I was lucky when I was growing up; we lived on base, and everyone in base housing has kids, so everyone hands out candy. I recall being 8 or 9 and going out with my sister and a few friends, and getting tons of candy. Then we went home, dropped off our bags, and went back out. Between the four kids in my family, we probably could have provided a third-world country with a year’s worth of candy.

I know my Mom snuck into our rooms while we were at school and stole the good Halloween candy. I’m sure I’ll do the same with the spud. It’s only right to keep up the tradition, you know.

We watched "Never Been Kissed" this afternoon. Cute movie, but it was really hard to watch the scenes where everyone picked on Josie (the Drew Barrymore character). Not that I can relate to that; I wasn’t a geek in high school. I wasn’t popular either. I was just one of those kids who no one really bothers, and I am so glad in retrospect for that. We didn’t have popular girls like the ones in the movie. I mean, we had popular girls, they just weren’t those dimwitted, all-surface, super-c*nt types from the movie. One of the most popular girls who springs to mind, Joan Foster, was not only pretty, she was nice and extremely smart. The other two who spring to mind were nice enough to the behemoth, socially unskilled me, but we weren’t friends or anything. It probably helped that I didn’t give much of a shit about what other people thought of me. If they wanted to pick on me, they didn’t get much of a reaction other than a snarl and a shrug. I also never had a yen to be popular, so that probably also helped my high school experience to be the joy it was.

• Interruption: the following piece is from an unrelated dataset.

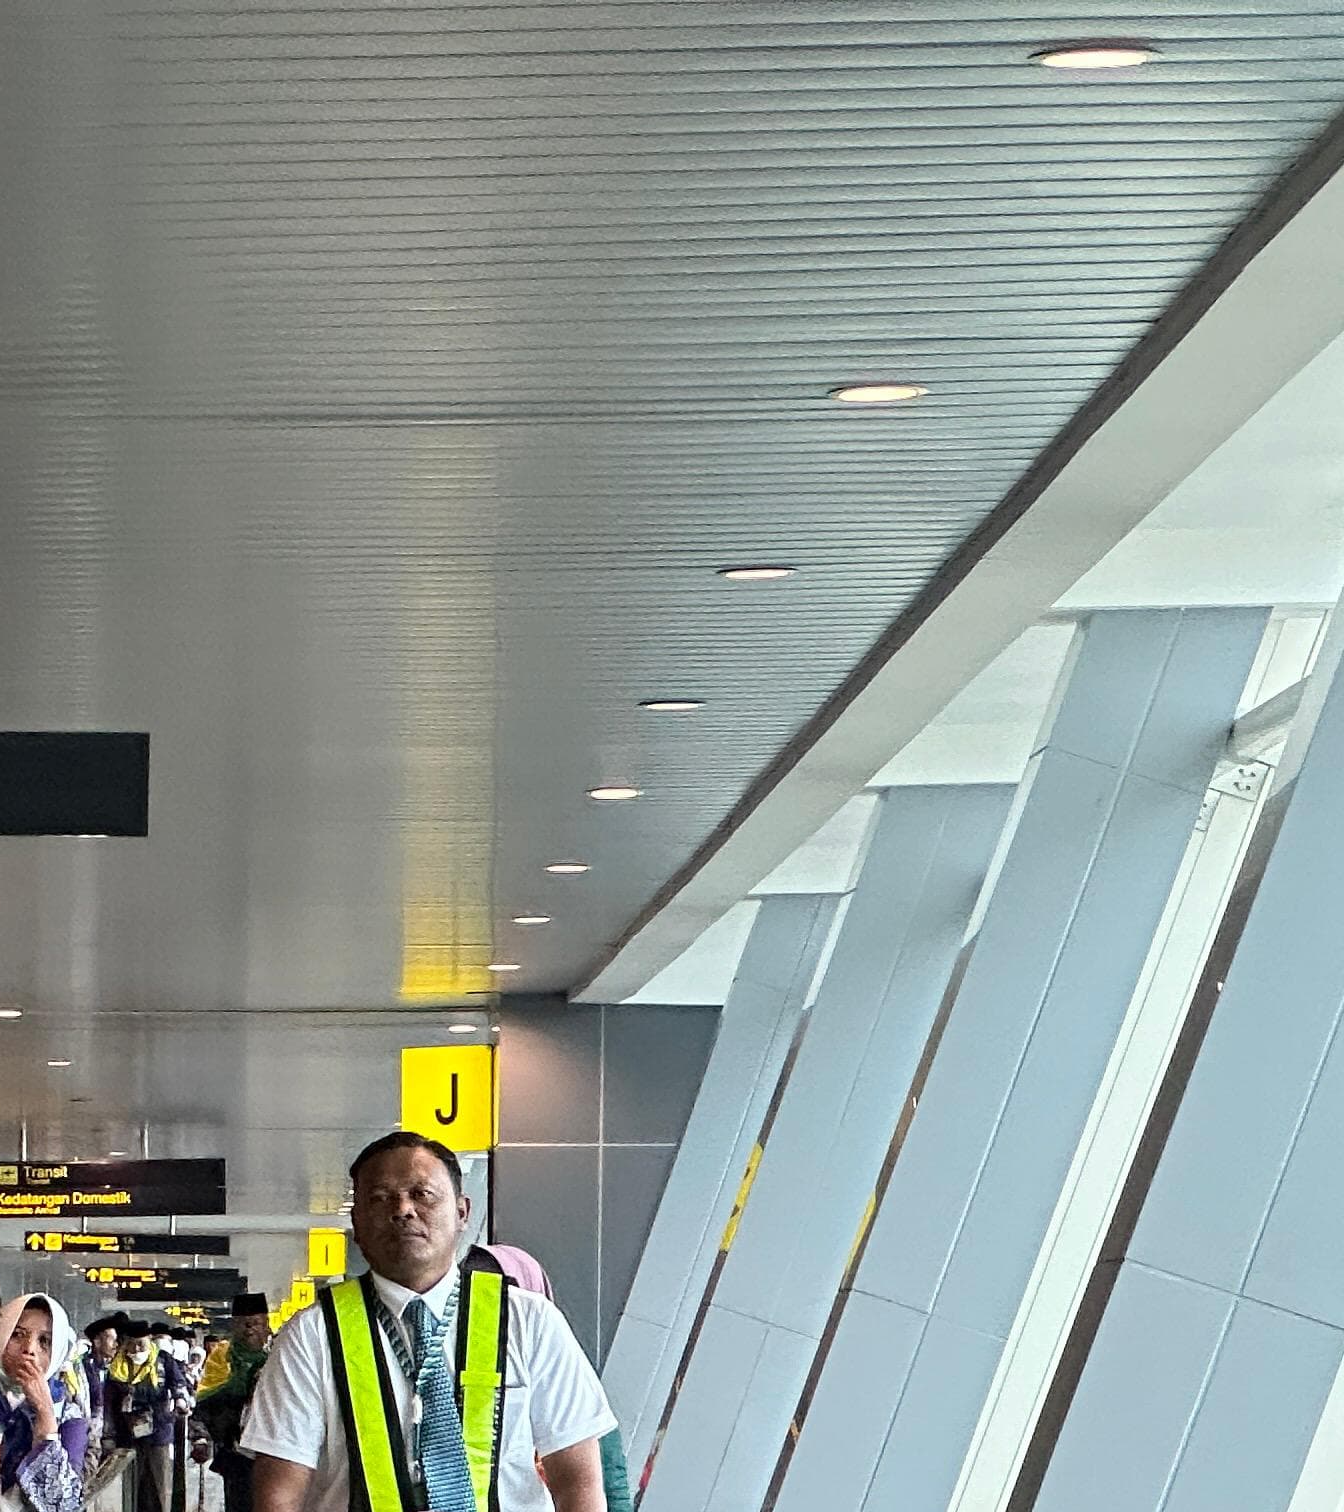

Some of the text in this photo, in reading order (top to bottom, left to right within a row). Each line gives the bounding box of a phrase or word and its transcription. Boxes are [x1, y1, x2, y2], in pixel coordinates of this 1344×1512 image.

I’m sure I’m supressing some horrid events, but for the life of me, aside from one of Tory Ricker’s friends grabbing my ass as I was walking down the hallway when I was a sophomore, nothing springs to mind. (Side note: I did nothing, and that just pisses me off. I wish I could go back and smack the shit out of that jerk. I hope his life is hellish).

Anyway, while we were watching the movie, one of the airhead popular bitches says to Drew Barrymore, "Who do you like better, Betty or Veronica?" Fred said (to me, not Drew–he knows she can’t hear him, or at least she pretends she can’t) "I always liked Veronica." Immediately, I snarled "That’s because she’s a whore!" Whoa. Even I didn’t expect that. I had no idea I felt such hostility toward the cartoon, but as I think about it she sure did play games with poor Archie, didn’t she? The spoiled rotten rich bitch.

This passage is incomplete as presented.